I can just say that I had a game that wouldnt work with new nvidia drivers but It worked with older drivers. (Im not talking about super old drivers ~ same year or something (Total Warhammer 3) I tried various proton versions 10,9,8 and experimental + the native Linux version and it would crash within seconds of starting a game. And I did try it dozens of times Works very well with the old drivers. Mind you afaik this isnt the fault of Mint but something that the devs bungled in the last update for linux and mac users but still. Thats all I can say on the topic (only thing I changed are the drivers)

The main reason why im considering to dual boot 2 different Linux distros is cause I wanna use 2 different Linux distros so I can test them against each other and see which I prefer over a longer time period. I might decide to keep both .... I might decide to switch to one of the 2 at some point.

[–] PorkrollPosadist@hexbear.net 2 points 1 week ago* (last edited 1 week ago)

Well it sounds like you tried the lower hanging fruit already. If you have it narrowed down to the driver then the options are basically waiting for Nvidia to fix it (could happen), or waiting for third parties to notice they're broken in this one case and creating a work-around.

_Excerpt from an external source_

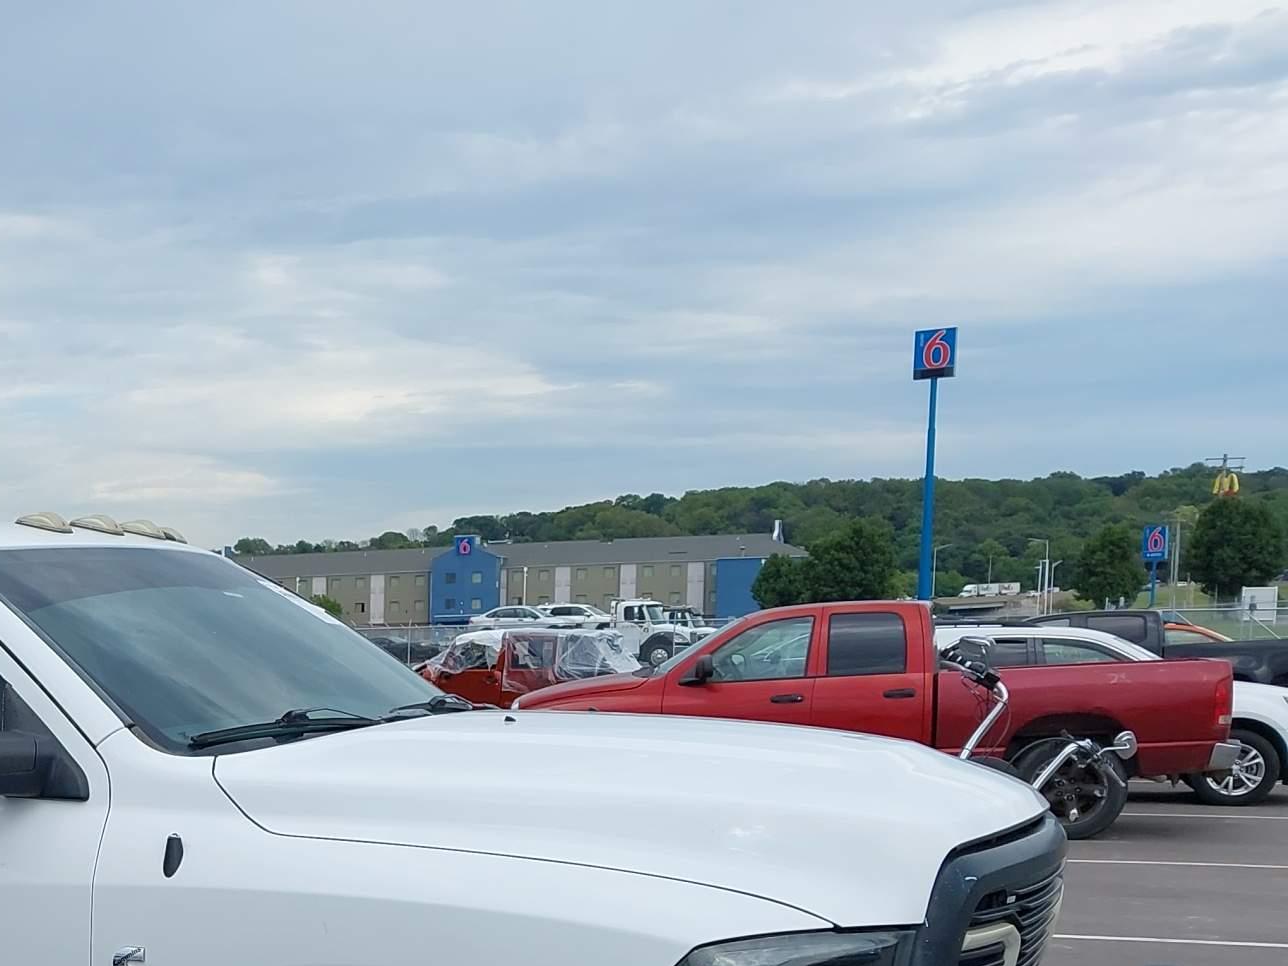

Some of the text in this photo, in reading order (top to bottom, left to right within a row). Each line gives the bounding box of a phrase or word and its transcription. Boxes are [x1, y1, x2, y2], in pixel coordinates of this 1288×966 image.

[923, 329, 950, 369] 6
[459, 538, 471, 554] 6
[1148, 526, 1164, 552] 6

Setting the whole "nvidia, boo" rant aside, the situation is complicated by the fact that you have the kernel doing one thing, the Nvidia driver doing another, and then Nvidia's bespoke implementations of OpenGL and Vulkan doing their own thing on top of it. It isn't just the driver, the whole graphics stack is essentially kind of siloed. When I used to have Nvidia hardware (a 970) it generally worked pretty well, but edge cases like this don't benefit from the kind of transparency which exists in implementations like Mesa3D.

Like I said, if having a second OS around works, don't let me stop you. If it works today, it is definitely faster than waiting around for somebody to maybe fix it one day. I'd amend my advice about sharing a /home partition up above though. Games using Vulkan (including ALL Windows games running through dxvk) pre-compile their shaders and store them in a cache to avoid intermittent stutters during gameplay. These shaders must be compiled for a specific piece of hardware and a specific driver version. If you are switching back and forth between driver versions on each distro, this shader cache will frequently become invalidated (depends on if the game / runtime retains versioned shader caches, or just deletes the old ones when the driver version changes). If you notice it is constantly recompiling shaders every time you launch a game, this might be why. I think it is still certainly worth sharing a home partition though.